APS 125: Genetics Flashcards
Give three mutations that occur at the genome level
Polyploidy - 2 sperm fertilise one egg at excatly the same time, 3 sets of chromosomes have more than the normal number of chromosomes
Aneuploidy - one extra or one fewer single chromome
Translocation - exchange of parts of non-homologus chromosomes
Deletions - part of a chromome is deleted
Inversions - part of a chromome breaks off, repaired but the wrong around
There are three types of aneuploidy what are they
Nullisomy - both members missing
Monosomy - one member missing
Trisomy - one extra (e.g. Trisomy 21= Down syndrome)
What type of chromosome does anneuploidy have a different effect on?

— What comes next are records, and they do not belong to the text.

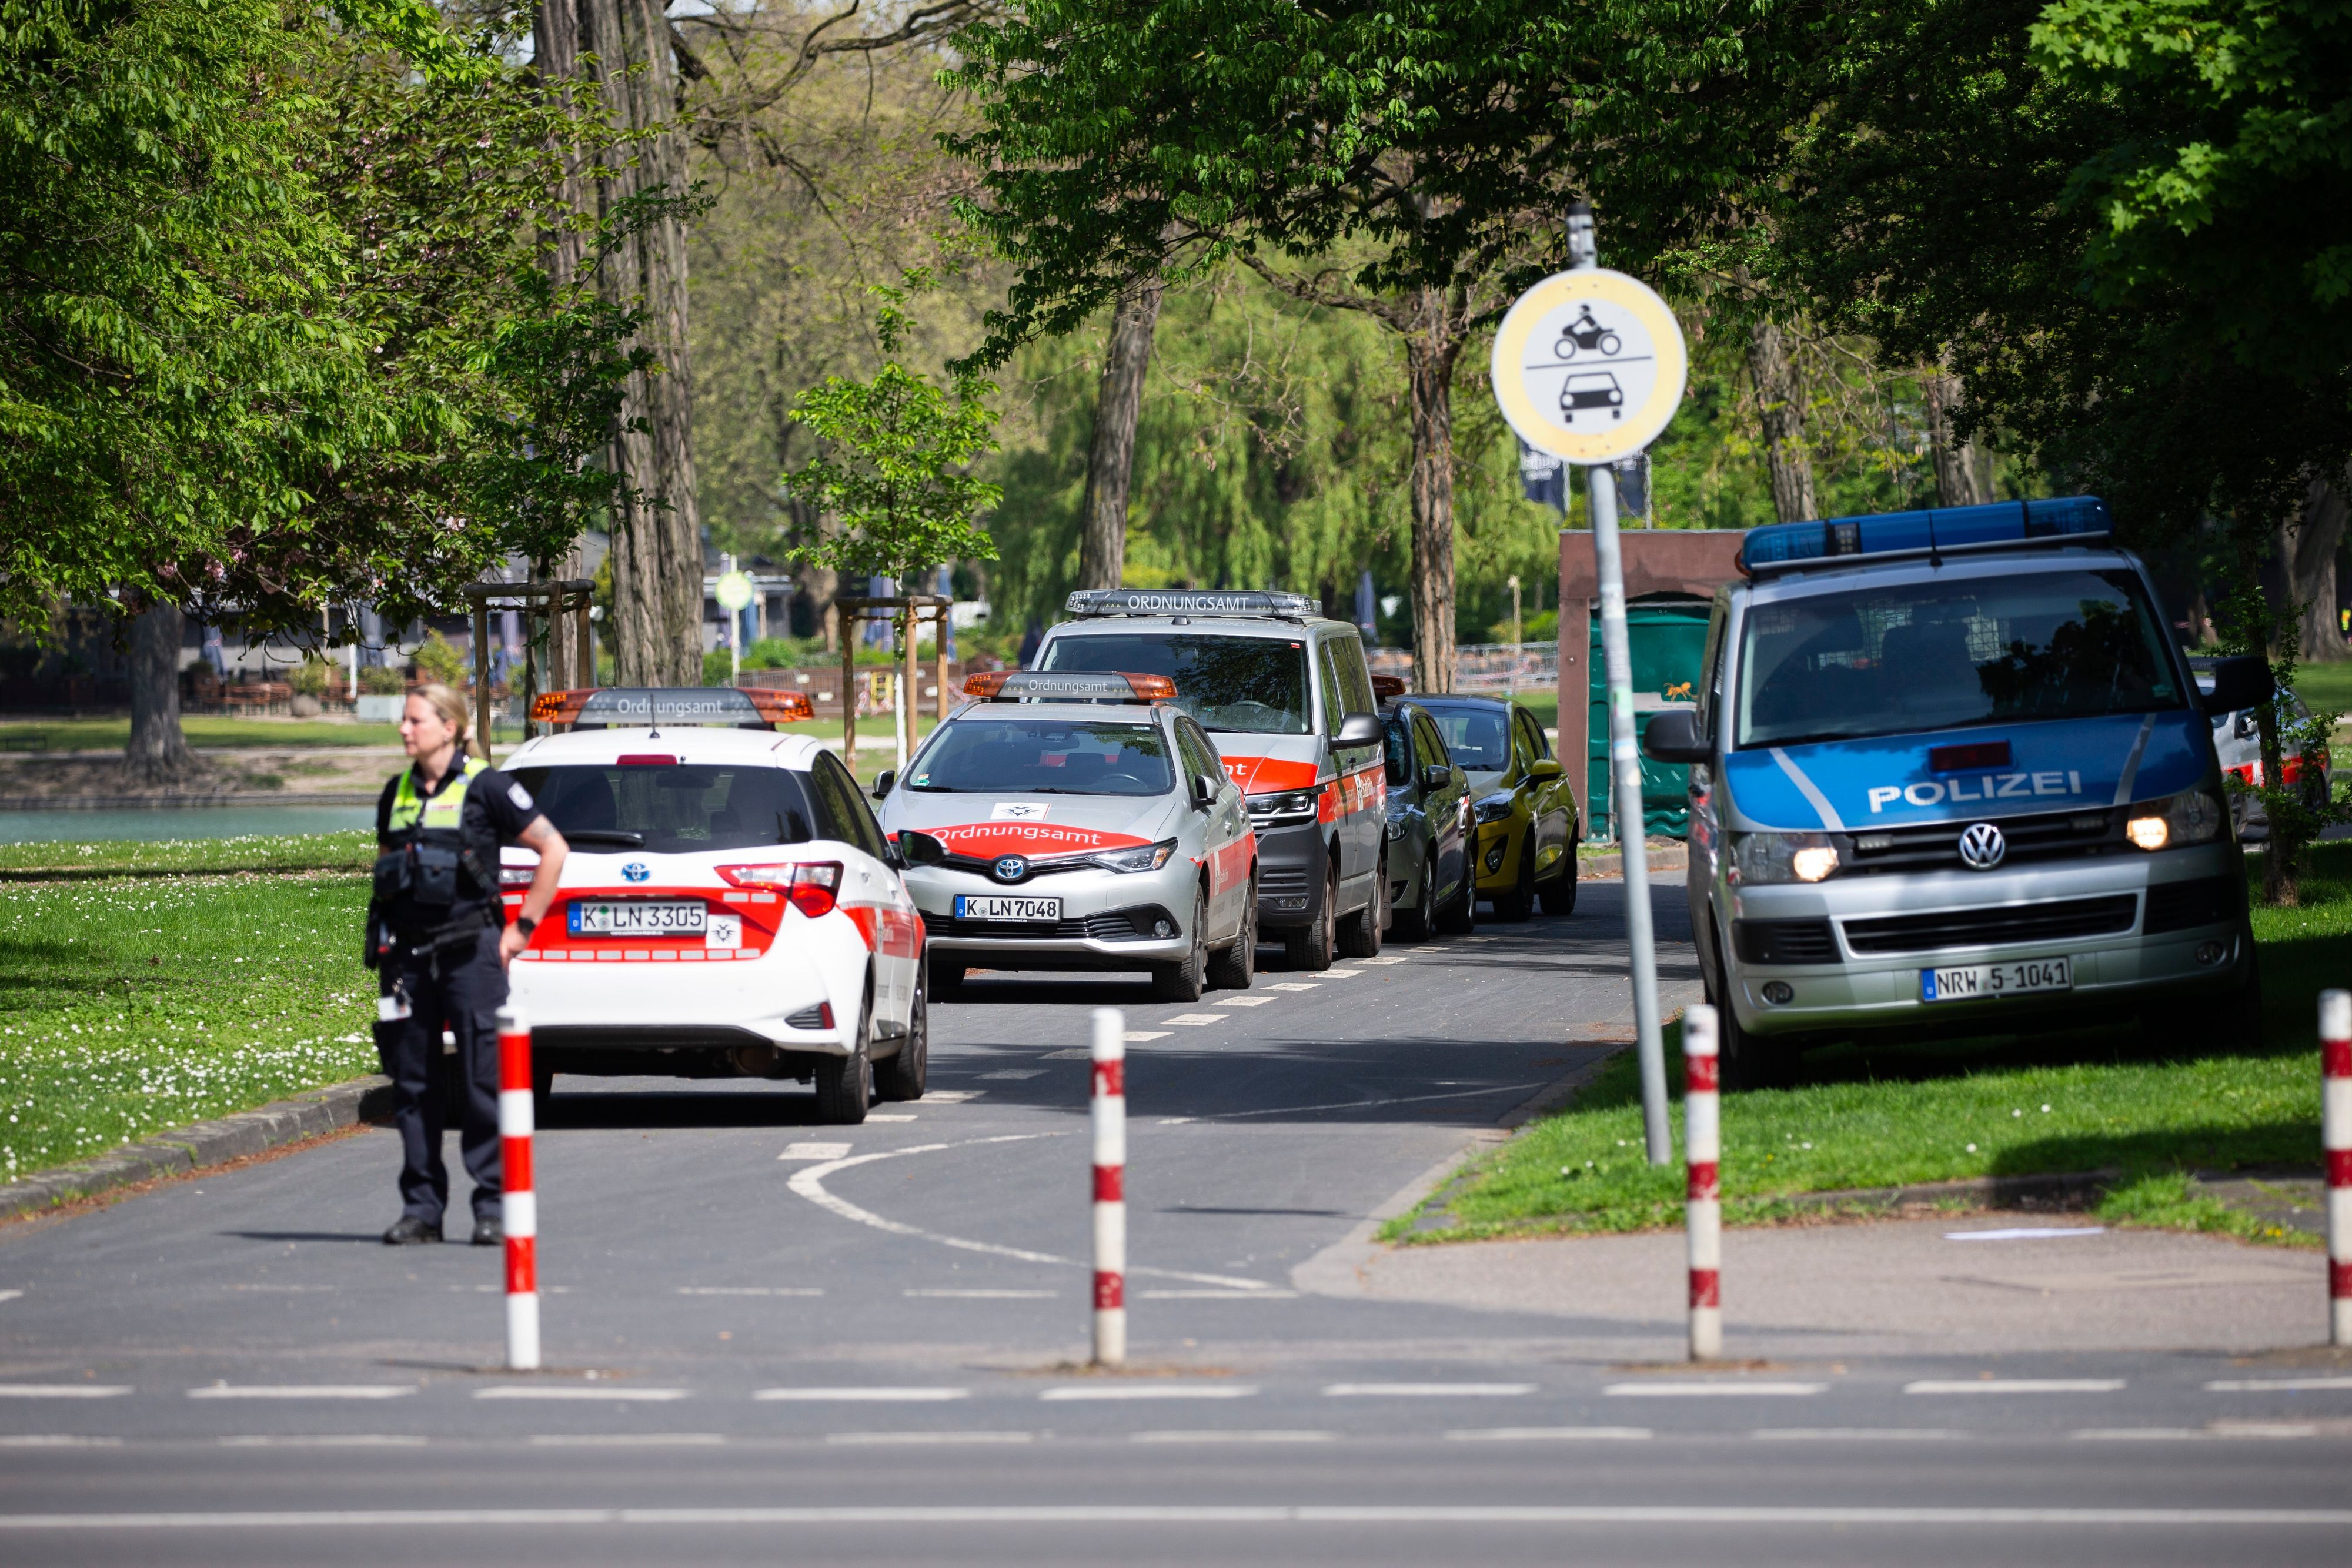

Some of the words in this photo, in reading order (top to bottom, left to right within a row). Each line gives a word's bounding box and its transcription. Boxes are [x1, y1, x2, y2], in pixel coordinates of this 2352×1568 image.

[1128, 595, 1249, 611] ORDNUNGSAMT
[1028, 679, 1108, 694] Ordnungsamt
[1867, 770, 2082, 814] POLIZEI
[931, 825, 1102, 845] Ordnungsamt
[584, 907, 597, 927] K
[613, 907, 642, 927] LN
[647, 907, 702, 927] 3305
[967, 900, 977, 915] K
[989, 900, 1011, 916] LN
[1015, 900, 1057, 917] 7048
[1937, 971, 1977, 995] NRW
[1990, 962, 2068, 990] 5-1041

Sex chromosomes, women can survive with only one X chromome
Gives reasons as to why the garden pea is a good organism for genetic studies
Many easily identifiable binary traits Easily available and very cheap Short generation time Large number of progeny Self fertilisation Easy to manipulate
What was mendels first cross with peas? And the second?
Crossed purple flowers with white flowers, all progeny were purple
Second cross he crossed this generation with each other. 705 purple to 224 white plants basically 3:1 ratio
What were Mendels reasonings for the results of his first genetic cross
There must be two versions of a gene which he called alleles
An organism must inheit two alleles
Alleles must be dominant or recessive
Alleles segregate during gamete production
What is mendels first law?
Two members of a gene pair segregate from each other during the formation of gametes. Half carry one other half carries the other
What is Mendels second law
Alleles of different genes segregate independently of each other (except when on the same chromosomes)

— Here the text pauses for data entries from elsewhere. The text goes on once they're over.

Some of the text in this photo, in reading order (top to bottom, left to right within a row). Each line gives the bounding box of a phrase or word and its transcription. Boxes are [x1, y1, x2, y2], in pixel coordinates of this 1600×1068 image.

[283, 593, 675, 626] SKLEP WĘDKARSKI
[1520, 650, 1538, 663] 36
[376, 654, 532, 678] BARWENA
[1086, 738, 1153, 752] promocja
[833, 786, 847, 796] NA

When was mendels work published?
1866
In the 1900s mendels work lead to debate between biometricians and mendelians. Who wrote a paper that eneded this controversy
Fisher
What is the scientific term for an inbred relationship?
Consanguineous
What are the 5 basic mendelian possibilities?
Autosomal dominant Autosomal recessive X linked recessive X linked domimant Y linked
Give some examples of autosomal dominant features
Achondroplasia - dwafism
Polydactyl
Widows peak
Hairy mid digit
Describe the causes of the autosomal recessive disease cystic fibrosis
CFTR gene mutated a delta 508, 3bpndeletion causes a non function enzyme
Describe the spread of effect on different genders for an X linked domiant disease
Any child of an effected female has a 50% chance
All female offspring of a male with the disease will be effected
No male children of a male effected will be effected
Describe X chromosome inactivation
Y chromosome shorter than X
In females one X chromosome is inactivated (lyonization)
In each cell this occurs randomly
All daughter cells will have the same x inhibited
Why are drosophila useful for genetic studies
Easy to rear
Rapid generation time
Model organism - lots of genetic info about them
Describe the crosses done by morgans lab to work out ehich chromome the eye colour gene lies on
Red eyed male crossed with red eyed female - all red eyes
Therefore Red is dominant to white
Crossed F2 red eyed female with white eyed male
All females red eyes, 50:50 split between males for eye colour
2nd cross
White eyed female crossed with red eyed male, all males white eyed, all females red eyed
Crossed F2 red eyed female with white eyed male got a 1:1:1:1 ratio
How many genes are on humans 23 chromosomes? Comapred to that of drosophilas 4
20,000
14,000
What is the main cause for genotypes to not meet the predicted values?
Recombination
How do you work out a recombination factor? What is the measured and what does it work out?
Add up recombinants (i.e. Those with unexpected genotypes) and divide by total offspring. Measured in cM and measures the distance between genes
Describe how you build a genetic map using recombination factors
Calculate a recombination factor between gene 1 and 2
Repeat for gene two and 3
Then for 1 and 3
The recombination factors are additive hence draw on number lines and work out which one combination of distances is correct
What is an additional step that must be taken when building a genetic map of two genes that are far away from one and other?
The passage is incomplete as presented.